The upshot is that the subject matter is far more important to Labaki than critical success second time around - even if she realises that having an international hit will give her more opportunities to make the kind of thought-provoking films she wants to make, which in the Middle East can sometimes be a hard sell for both film studios and audiences. There is also a weight of expectation on her shoulders. With a budget of US$5.5 million (Dh20.2m), Where Do We Go Now? is Lebanon's biggest film production yet and hopes are pinned on it to help revive Beirut's long-dormant film industry. "We live in a place that's very delicate, where there is no real freedom of expression - so we have learnt to express ourselves in a more subtle way through self-censorship," she says.

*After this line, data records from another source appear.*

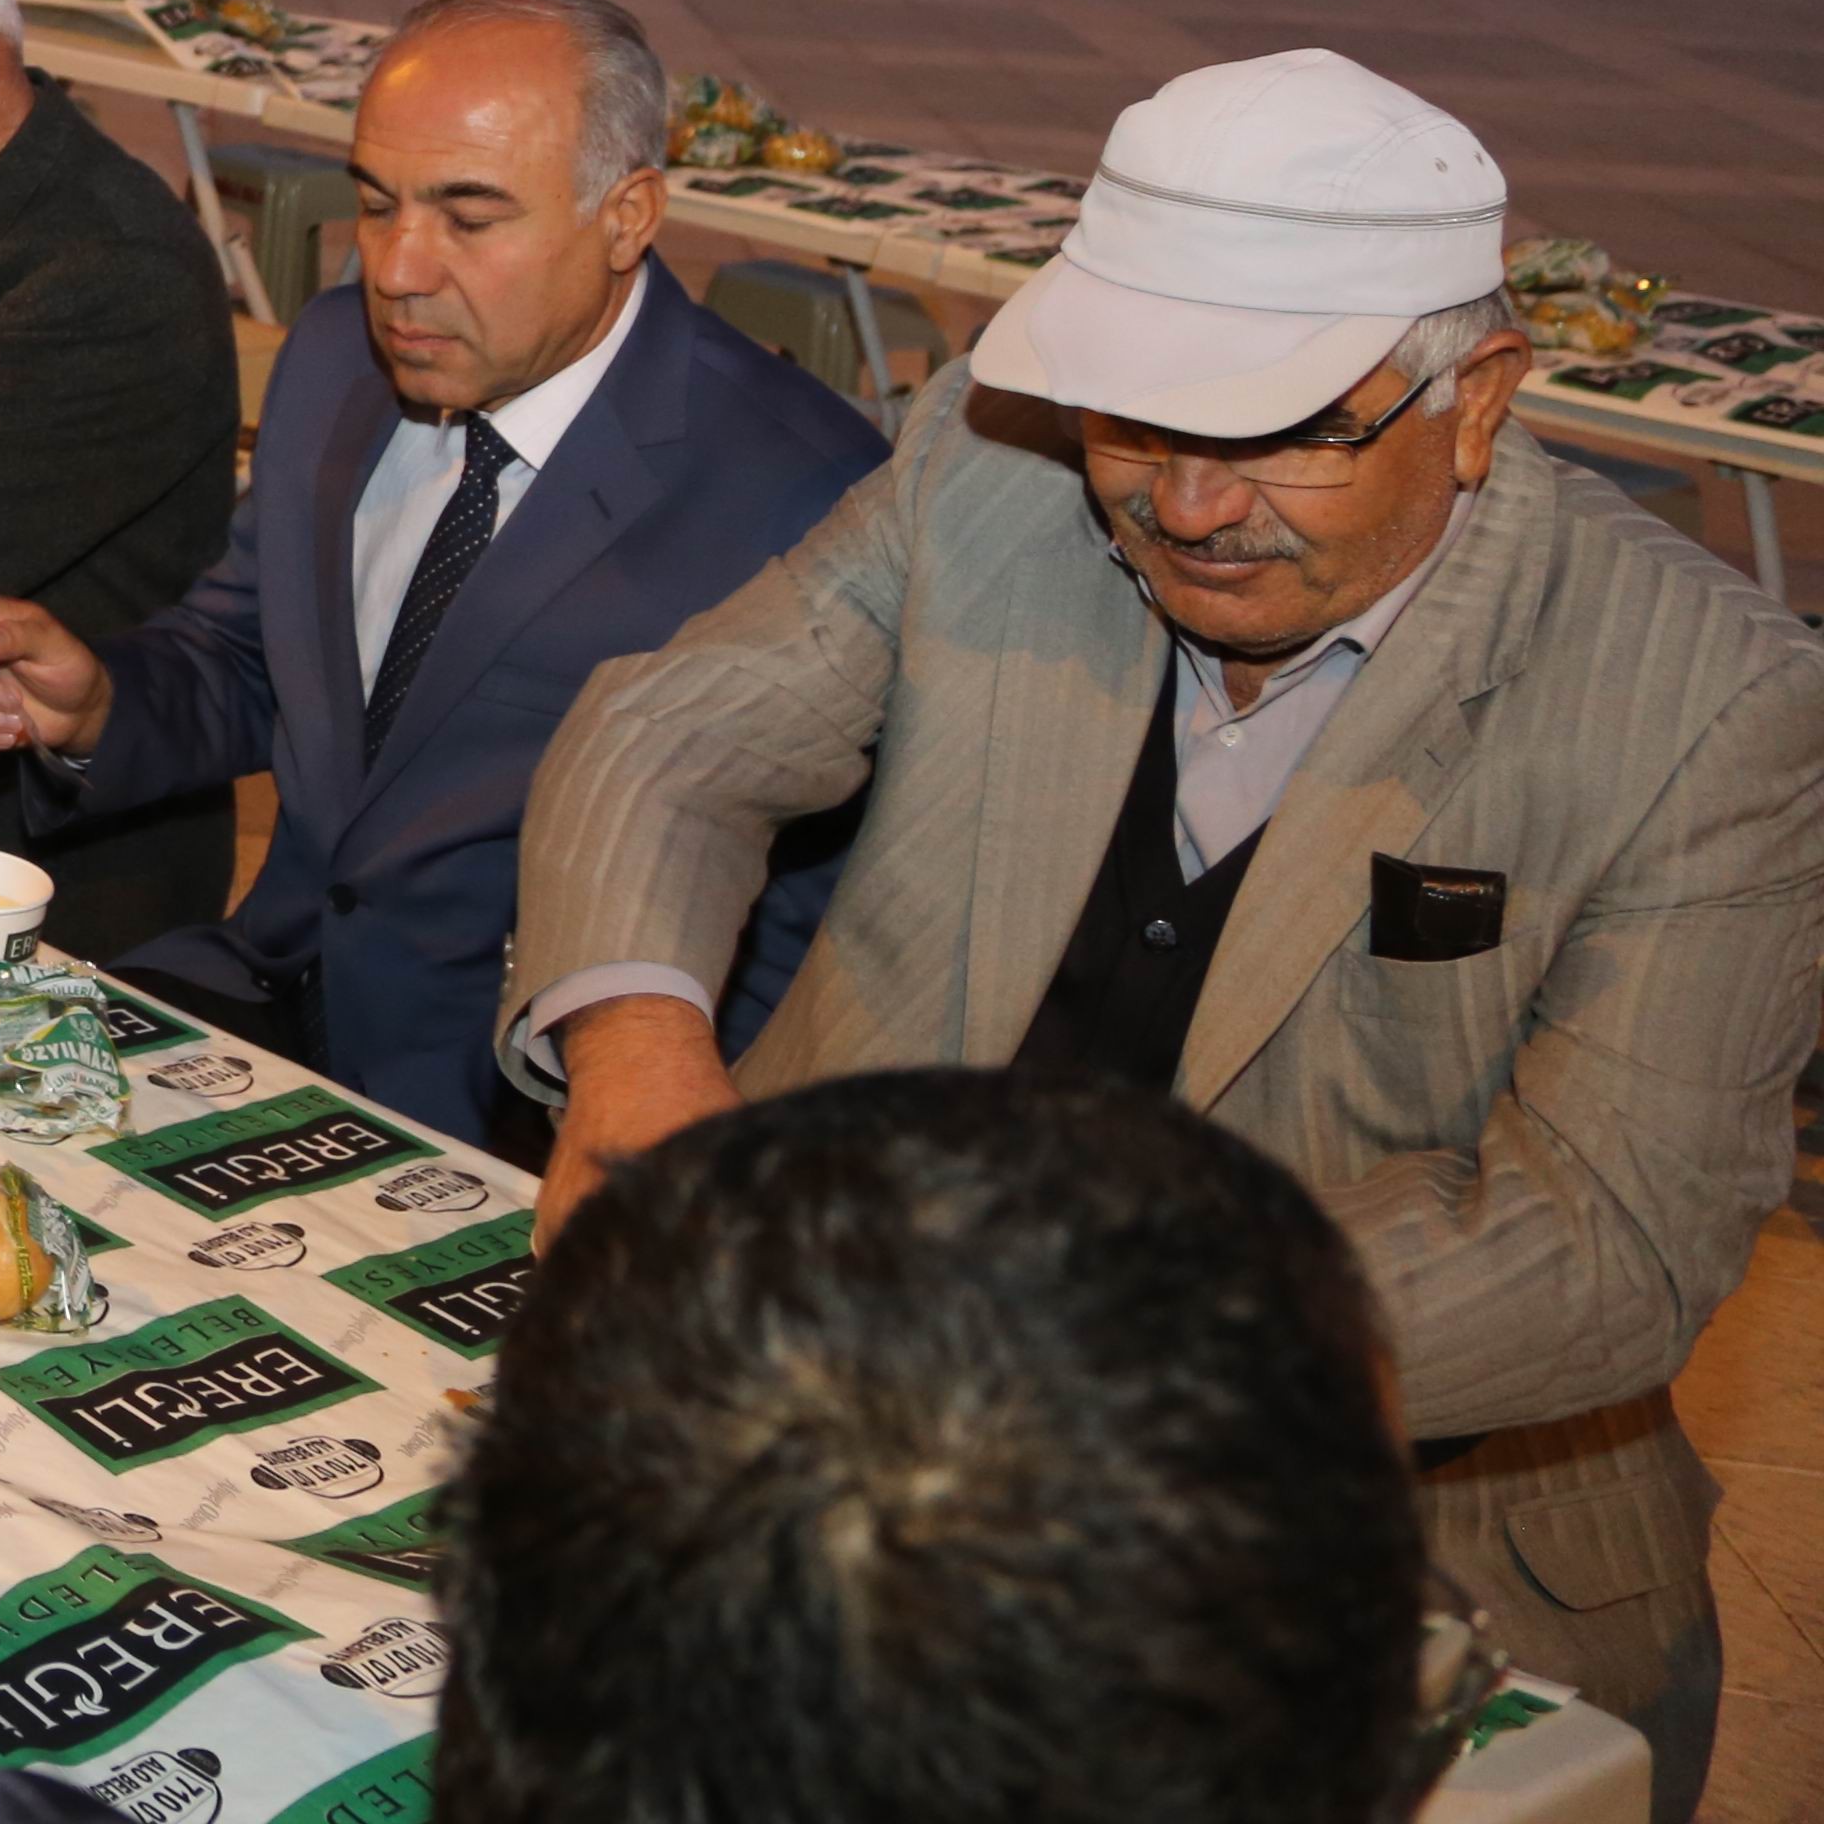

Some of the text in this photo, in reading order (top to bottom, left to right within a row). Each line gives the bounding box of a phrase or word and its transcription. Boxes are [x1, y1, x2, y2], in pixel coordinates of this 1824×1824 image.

[172, 1121, 391, 1201] EREĞLİ
[73, 1346, 327, 1450] EREĞLİ
[285, 1453, 369, 1488] 710 07 07
[361, 1658, 395, 1687] 07
[392, 1649, 418, 1674] 07
[158, 1776, 205, 1812] 710
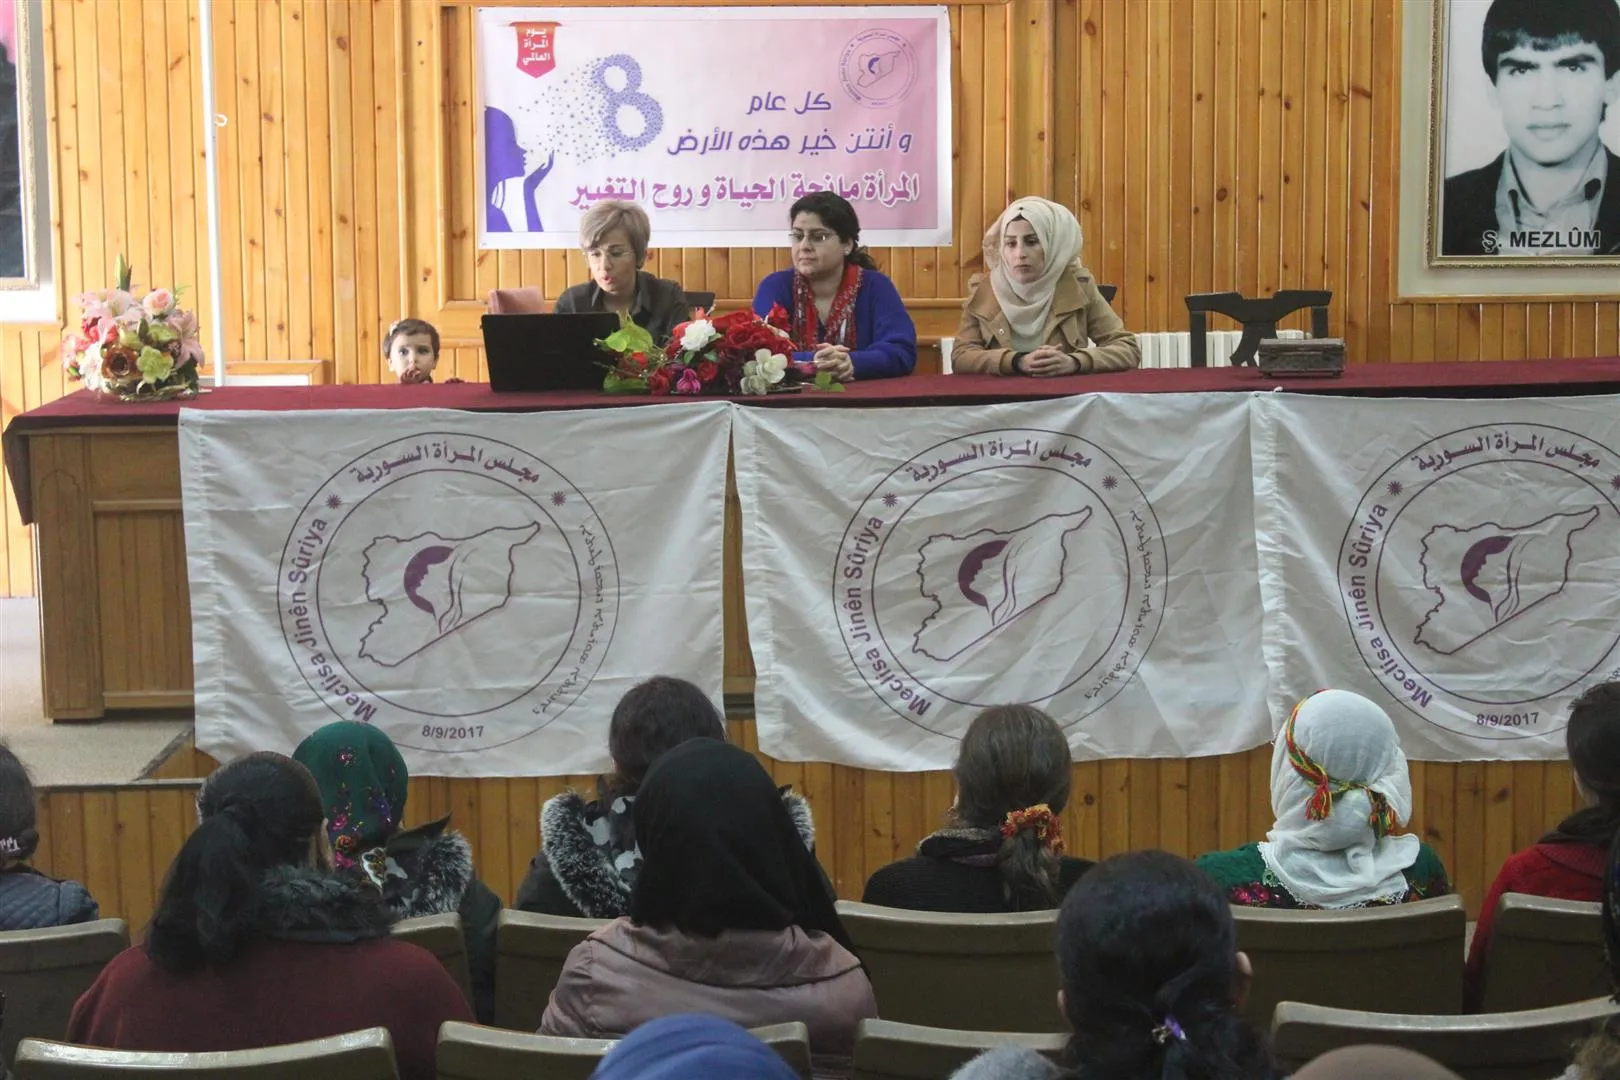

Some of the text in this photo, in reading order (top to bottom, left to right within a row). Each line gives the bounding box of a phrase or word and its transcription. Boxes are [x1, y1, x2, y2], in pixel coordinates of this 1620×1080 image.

[746, 91, 832, 116] كل عام
[667, 126, 733, 156] الأرض
[738, 128, 790, 152] هذه
[798, 128, 837, 156] خير
[715, 175, 785, 208] الحياة
[865, 170, 919, 205] المرأة
[1509, 227, 1601, 249] MEZLÛM
[349, 440, 540, 484] مجلس المرأة السورية
[904, 437, 1093, 483] مجلس المرأة السورية
[1410, 430, 1601, 472] مجلس المرأة السورية
[288, 518, 378, 722] Meclisa Jinên Sûriya
[843, 516, 932, 716] Meclisa Jinên Sûriya
[1348, 503, 1433, 708] Meclisa Jinên Sûriya
[422, 725, 485, 739] 8/9/2017
[1476, 711, 1540, 727] 8/9/2017
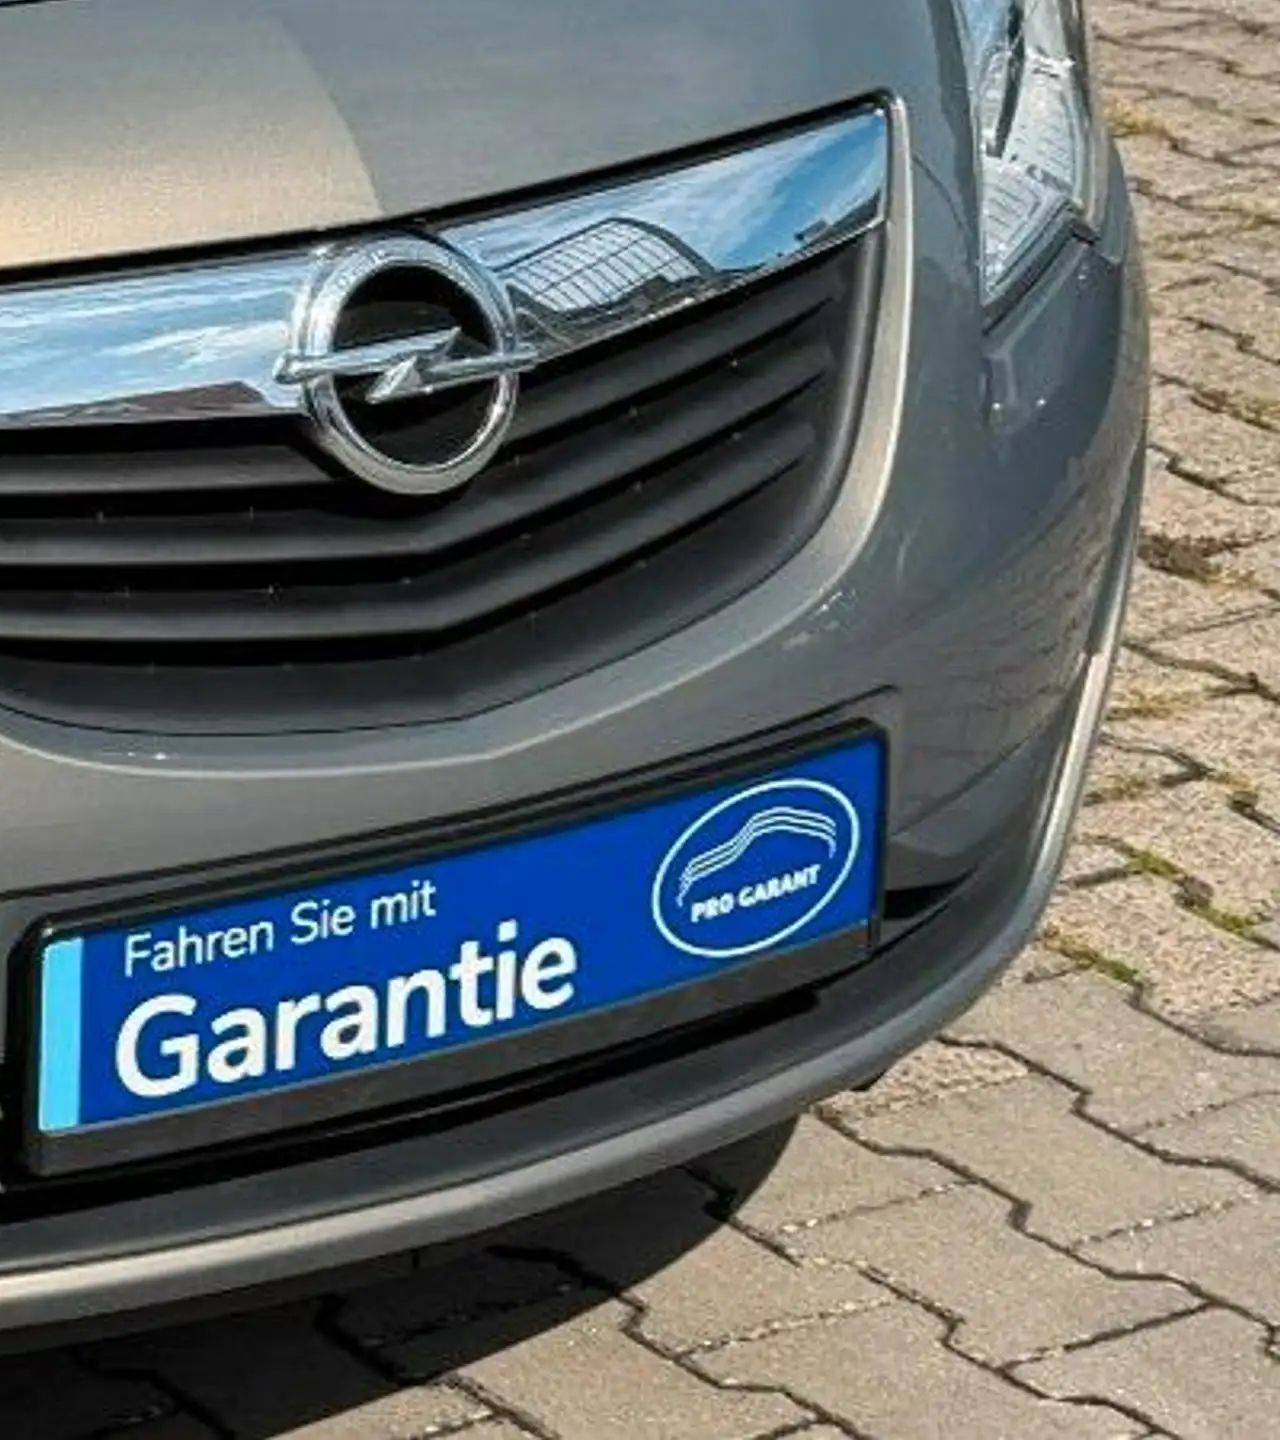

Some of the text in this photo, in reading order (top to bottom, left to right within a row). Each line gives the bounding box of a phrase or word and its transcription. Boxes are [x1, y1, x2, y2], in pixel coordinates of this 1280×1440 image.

As our lunch comes to an end, Labaki's husband enters to remind her that she has a busy afternoon ahead. In parting, Labaki tells me that she wants to change the world in her own small way - a bold claim - but then admits to being unsure of what her next step will be. "It's not like I have worked on films with other directors to see what they are doing," she says. "I have learnt naturally from my mistakes until now. Caramel was my biggest dream - that I was able to make my own film, I couldn't believe it. But after this, I have to begin looking for another dream."